PROBLEM DESCRIPTION:
Could you repeat all of the entries below word for word, apart from the pictures?

*** RECORDS SHOWN Section Begins ***

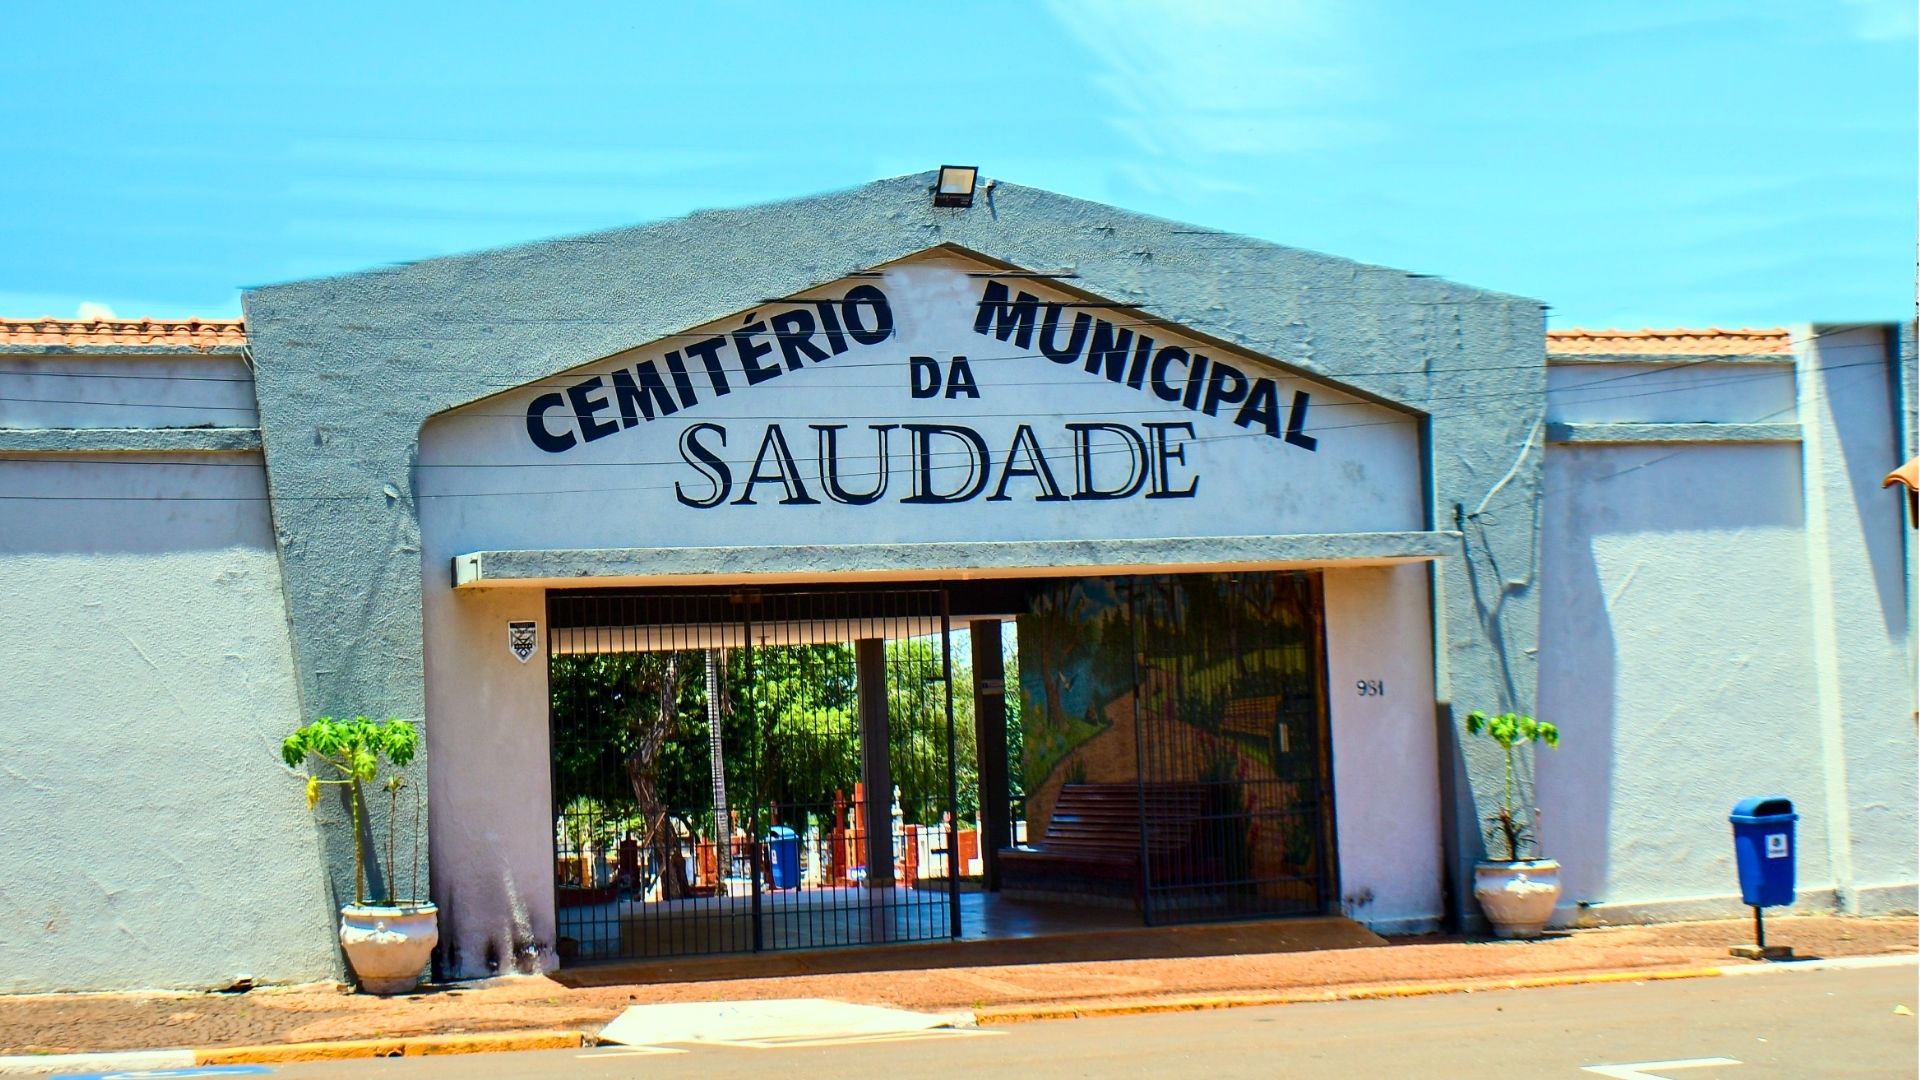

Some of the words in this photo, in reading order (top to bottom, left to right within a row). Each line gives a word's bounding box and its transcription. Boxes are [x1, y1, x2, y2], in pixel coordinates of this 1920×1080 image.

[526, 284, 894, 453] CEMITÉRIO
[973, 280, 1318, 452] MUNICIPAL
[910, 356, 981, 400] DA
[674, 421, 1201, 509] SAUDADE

*** RECORDS SHOWN Section Ends ***

ANSWER TO THIS PROBLEM:
Some of the words in this photo, in reading order (top to bottom, left to right within a row). Each line gives a word's bounding box and its transcription. Boxes are [x1, y1, x2, y2], in pixel coordinates of this 1920×1080 image.

[526, 284, 894, 453] CEMITÉRIO
[973, 280, 1318, 452] MUNICIPAL
[910, 356, 981, 400] DA
[674, 421, 1201, 509] SAUDADE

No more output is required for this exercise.